WORK TASK: Without the pictures, reproduce the entries below exactly.

WORKING DATA:
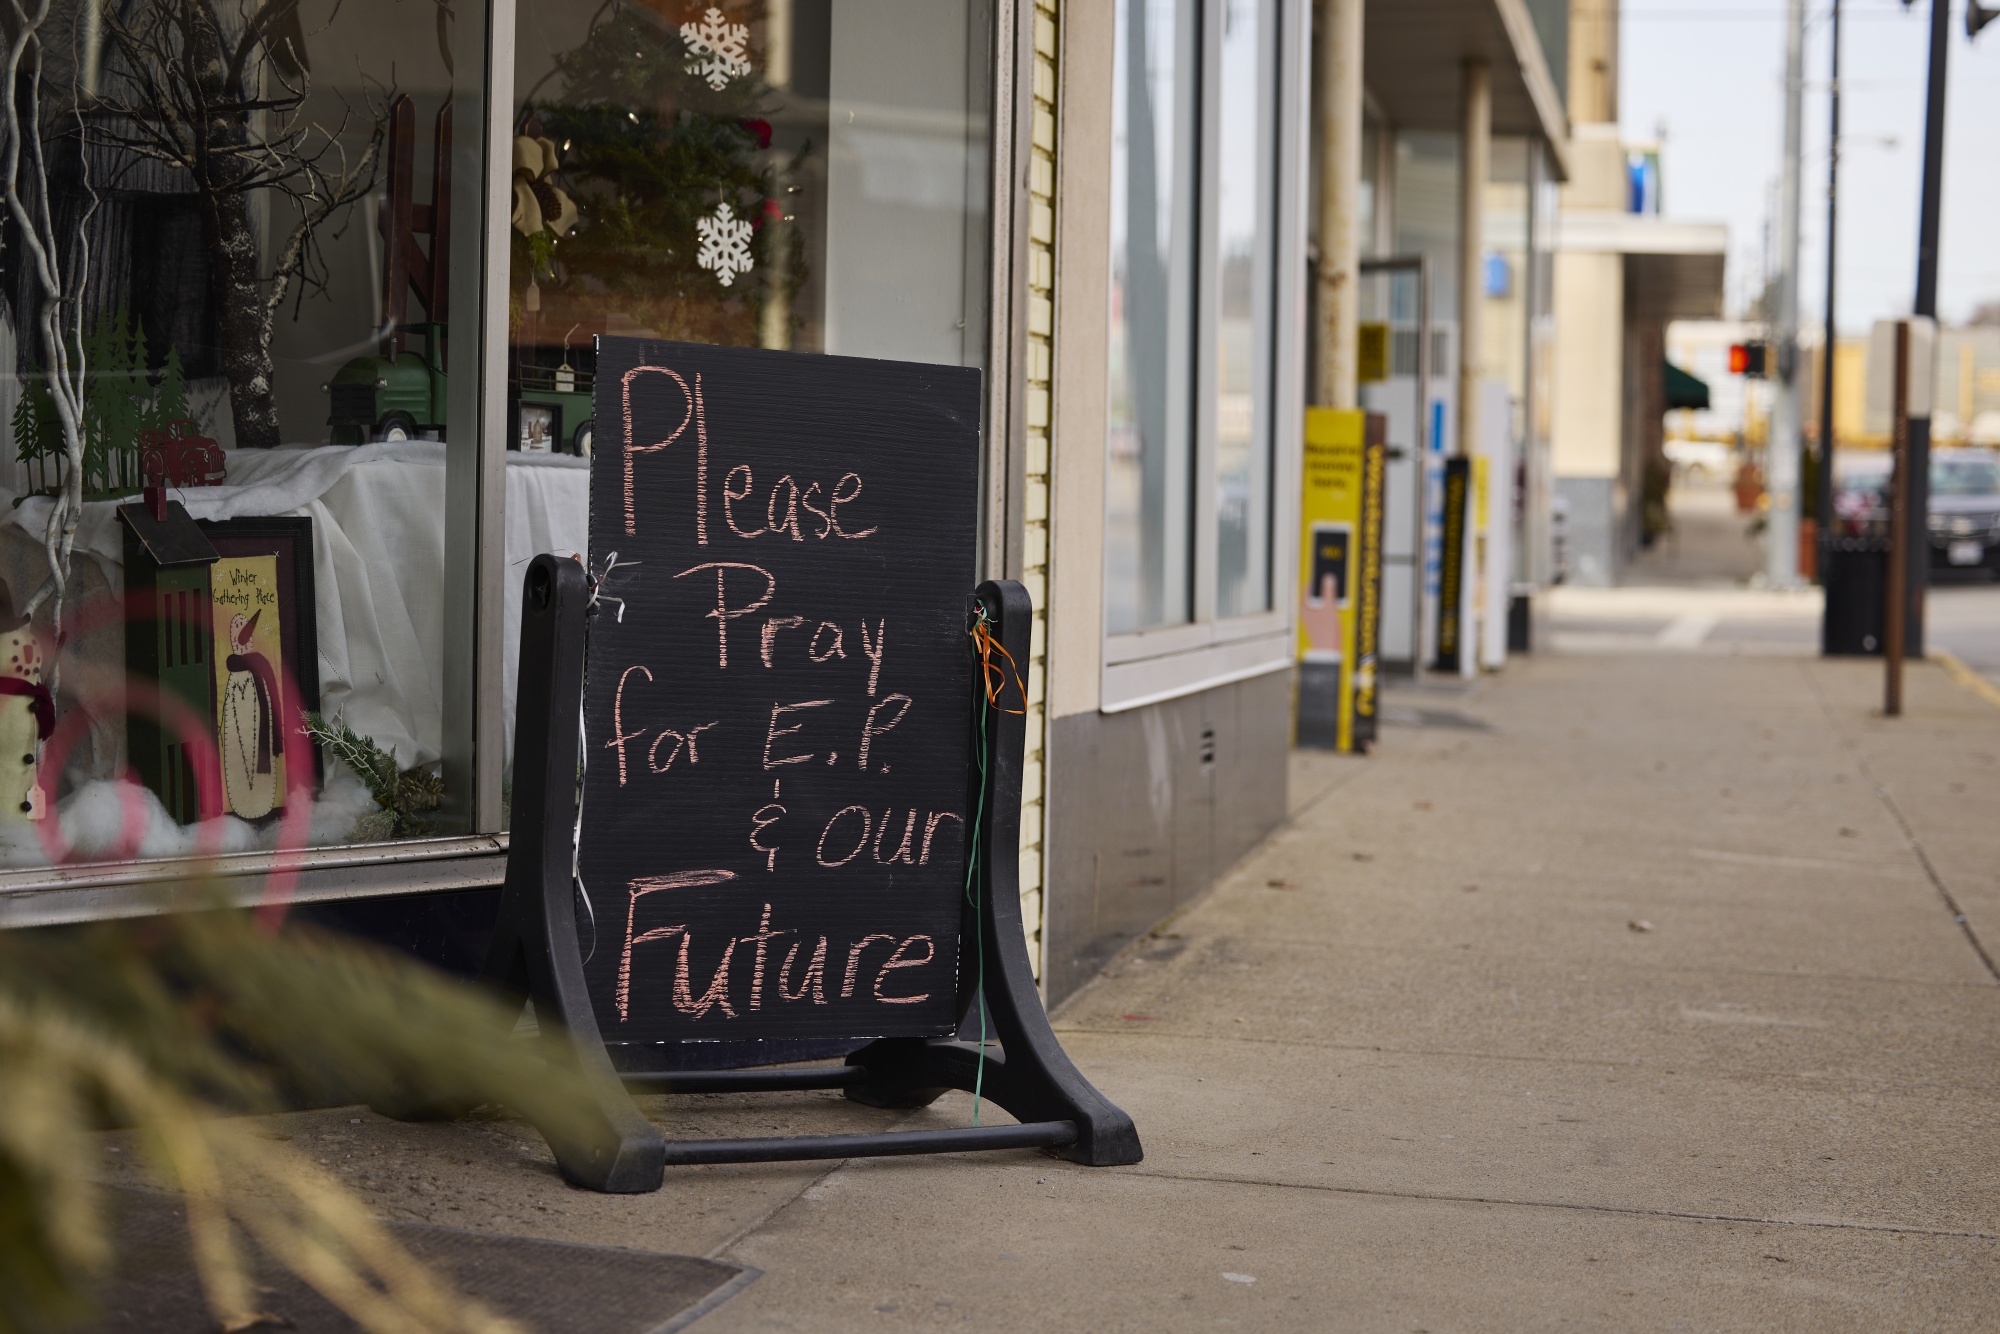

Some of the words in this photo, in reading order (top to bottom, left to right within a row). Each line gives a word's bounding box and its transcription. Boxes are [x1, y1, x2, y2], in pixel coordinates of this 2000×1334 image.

[620, 365, 878, 546] Please
[213, 588, 249, 611] Gathering
[256, 587, 275, 605] Place
[229, 568, 257, 586] Winter
[673, 562, 885, 697] Pray
[605, 665, 718, 787] for
[763, 692, 913, 774] E.P.
[749, 779, 787, 872] &
[615, 869, 935, 1022] Future

OUTPUT FOR THIS TASK:
Some of the words in this photo, in reading order (top to bottom, left to right within a row). Each line gives a word's bounding box and its transcription. Boxes are [x1, y1, x2, y2], in pixel coordinates of this 2000×1334 image.

[620, 365, 878, 546] Please
[213, 588, 249, 611] Gathering
[256, 587, 275, 605] Place
[229, 568, 257, 586] Winter
[673, 562, 885, 697] Pray
[605, 665, 718, 787] for
[763, 692, 913, 774] E.P.
[749, 779, 787, 872] &
[615, 869, 935, 1022] Future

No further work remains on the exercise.